ロジスティクスのコンサル案件で、企業の方が 「うちの業界は特殊なので、業界経験者の方がよいのではないかと考えている」と言われる事があります。いつも私は不思議に感じています。「業界と企業の事を一番知っているのはあなたがたですよ!」 外部に課題解決を依頼しようとしているその時にも、自社の置かれている状況の理解が足りないように感じます。業界をよく知る事は当然必要ですが、問題の真因を掴み、解決案を策定し、実践に導けるかがコンサルの仕事だと私は常に考えています。年齢、学歴、所属した企業、業界経験などでしか判断材料が持たない人が重要な判断をしている事が、日本経済の停滞に繋がっているのではないかと痛感しています。

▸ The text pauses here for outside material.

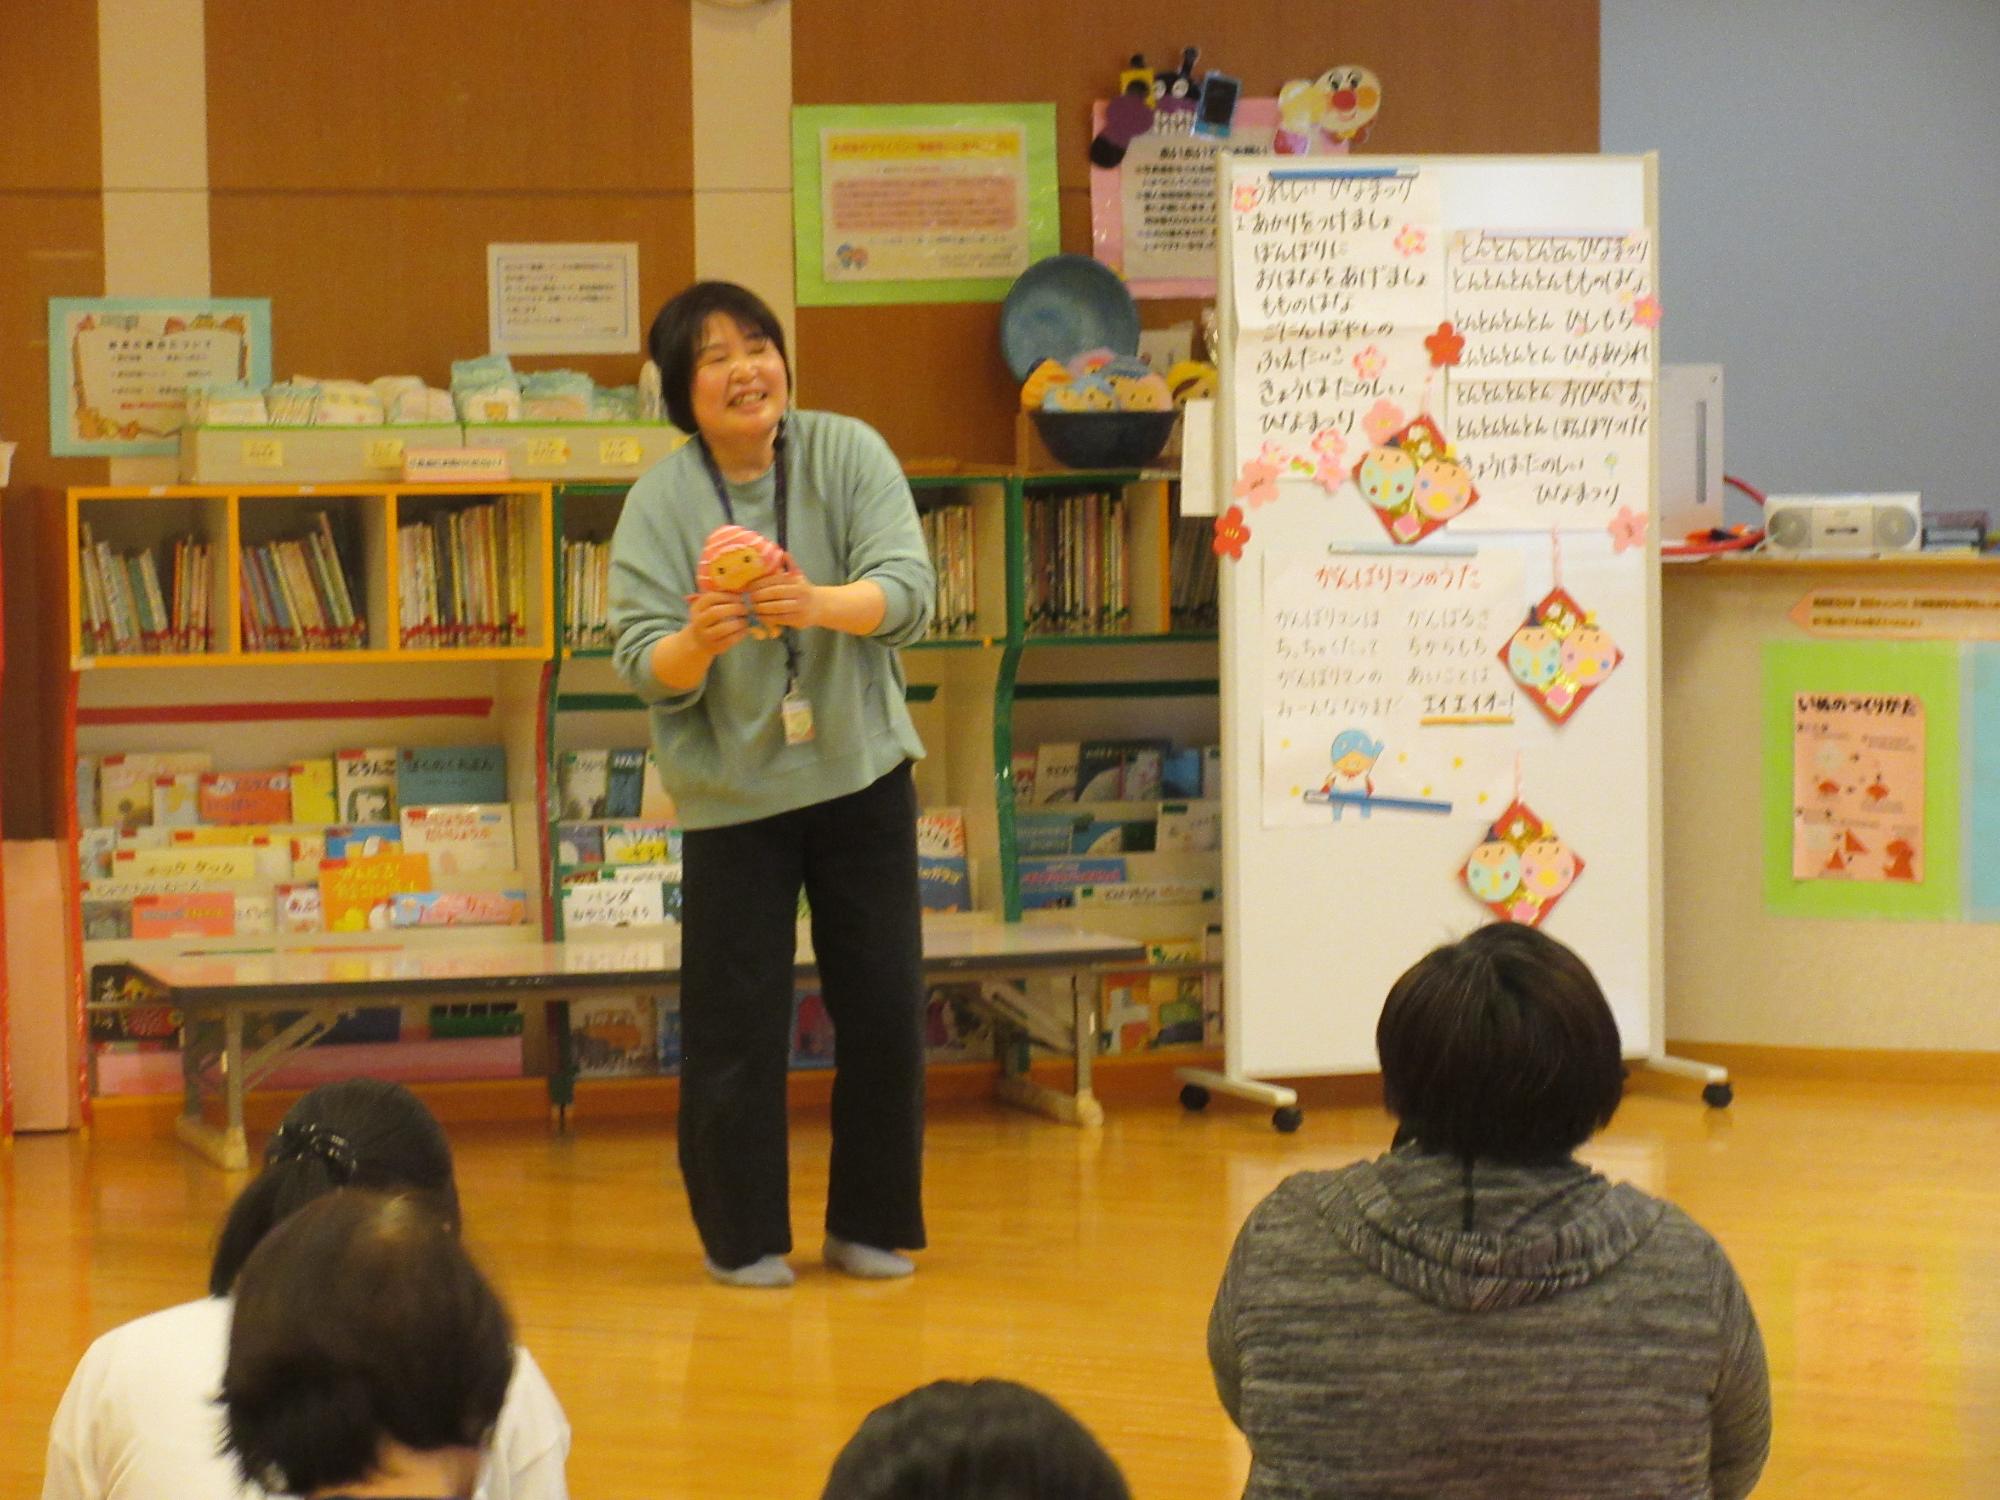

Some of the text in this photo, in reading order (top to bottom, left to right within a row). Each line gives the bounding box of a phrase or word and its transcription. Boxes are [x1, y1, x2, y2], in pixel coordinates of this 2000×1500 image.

[1253, 240, 1348, 263] ぼんぼりに
[1261, 292, 1352, 319] もものはな
[1314, 563, 1482, 592] がんばりマンのうた

運送業の多重下請け対策として、元請け企業に外部発注した運送業を明確にさせる動きがあります。荷主は自社はちゃんと運賃を払っていると思っていても、元請けが外部に依頼することで何層もの先の実運送会社は運賃が大きく目減りしていることが問題視されています。今後、超大手企業はともかく、中小運送会社に委託する運送の傭車比率が例えば40%50%を超えている場合は、要注意です。突然傭車が確保できないので運べませんという話になるのは最悪ですね。ドライバー不足は、まずそういうところからほころびが顕著になるように推測しています。


最近、運送会社の幹部の方々とお話する機会が多いのですが、各社とも陸送荷量の伸び悩み、運賃が思うように上がっていない、将来のドライバー不足懸念などを抱えられています。そこで、企業によつて違いますが、新たな戦略として、EC物流の強化、運送主体から3PLの強化、特殊な配送が必要な業界への強化、大型施設の投資、M&Aによる企業力強化など様々な取り組みを始めている様子。環境変化している時代に 変化できない企業は、やはり衰退に向かうのだろうと実感しました。

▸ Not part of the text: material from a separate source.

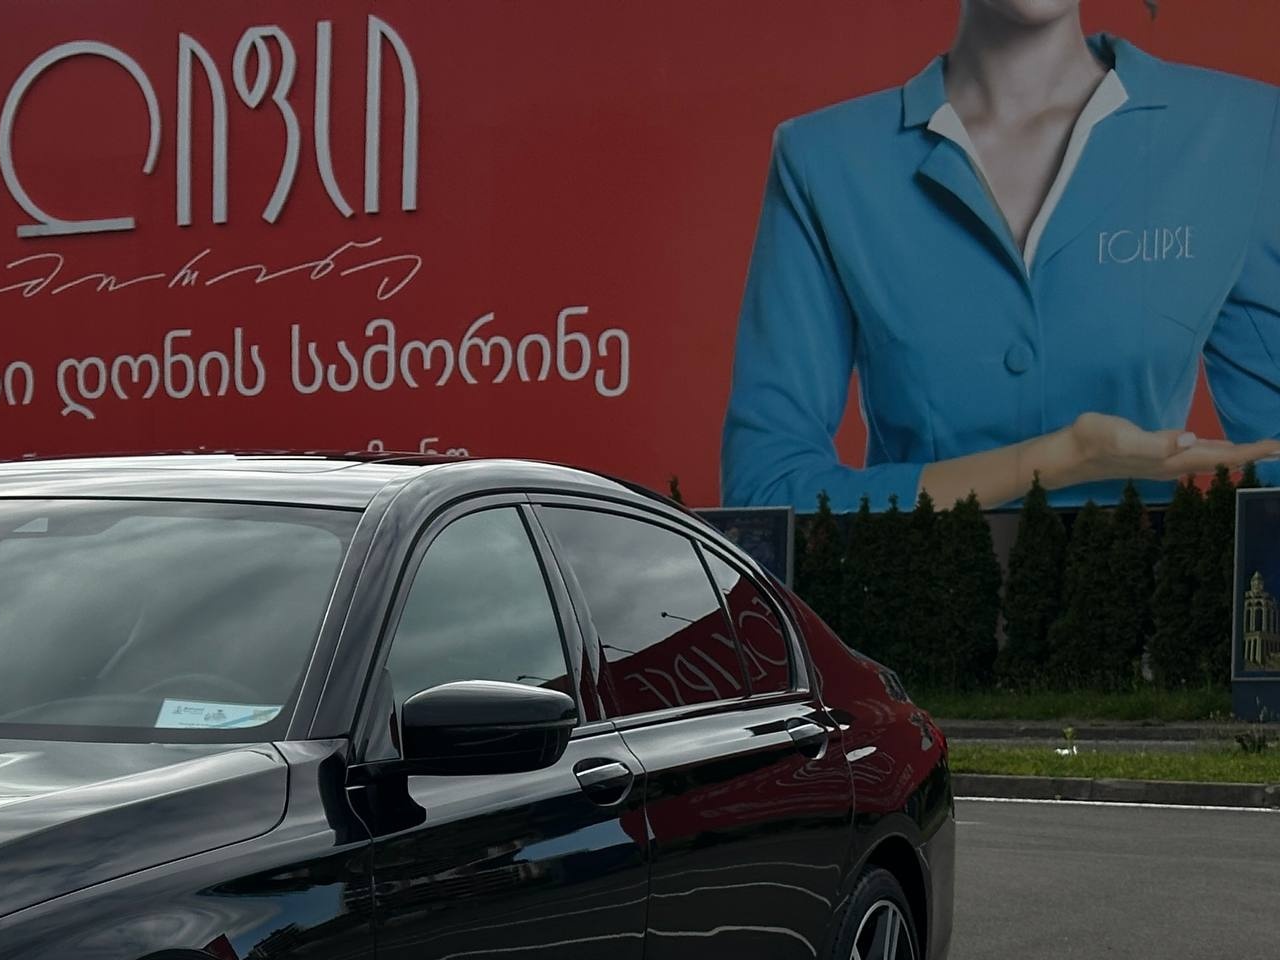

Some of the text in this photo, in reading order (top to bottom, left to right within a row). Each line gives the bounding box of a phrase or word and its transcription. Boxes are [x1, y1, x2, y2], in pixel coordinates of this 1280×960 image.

[1098, 225, 1195, 264] ECLIPSE
[56, 326, 267, 420] დონის
[290, 305, 630, 397] სამორინე

昔からの話ですが、製造業は自社の製品はとても素晴らしいとアピールします。物流業も同じく荷主企業のお役に立ちますとか他社より優れた技術とサービスですとアピールします。展示会の説明は、御社のソリューションができますと声を掛けられます。・・・個別の企業の抱える問題、課題、重要なニーズを把握していない提案は空虚で企業には響くはずもないと考えています。まず問題点と課題の理解とニーズをとらえることが重要と考えることが重要だと考えています。



物流の2024年問題と言われる4月になりますが、実際に影響が出てくるのは、夏前のクール便の不足、秋以降来年春までの期間にドライバーの残業時間を調整すする時期がかなり厳しいと予測されます。         2019年のコロナ前よりトラックによる貨物減少が続いています。企業の業績がよいのは円安効果、値上げ効果とも言われています。今後どの程度の混乱になるか予測は難しいですが、今からでもあらゆる対策を講じる必要があるのは間違いありません。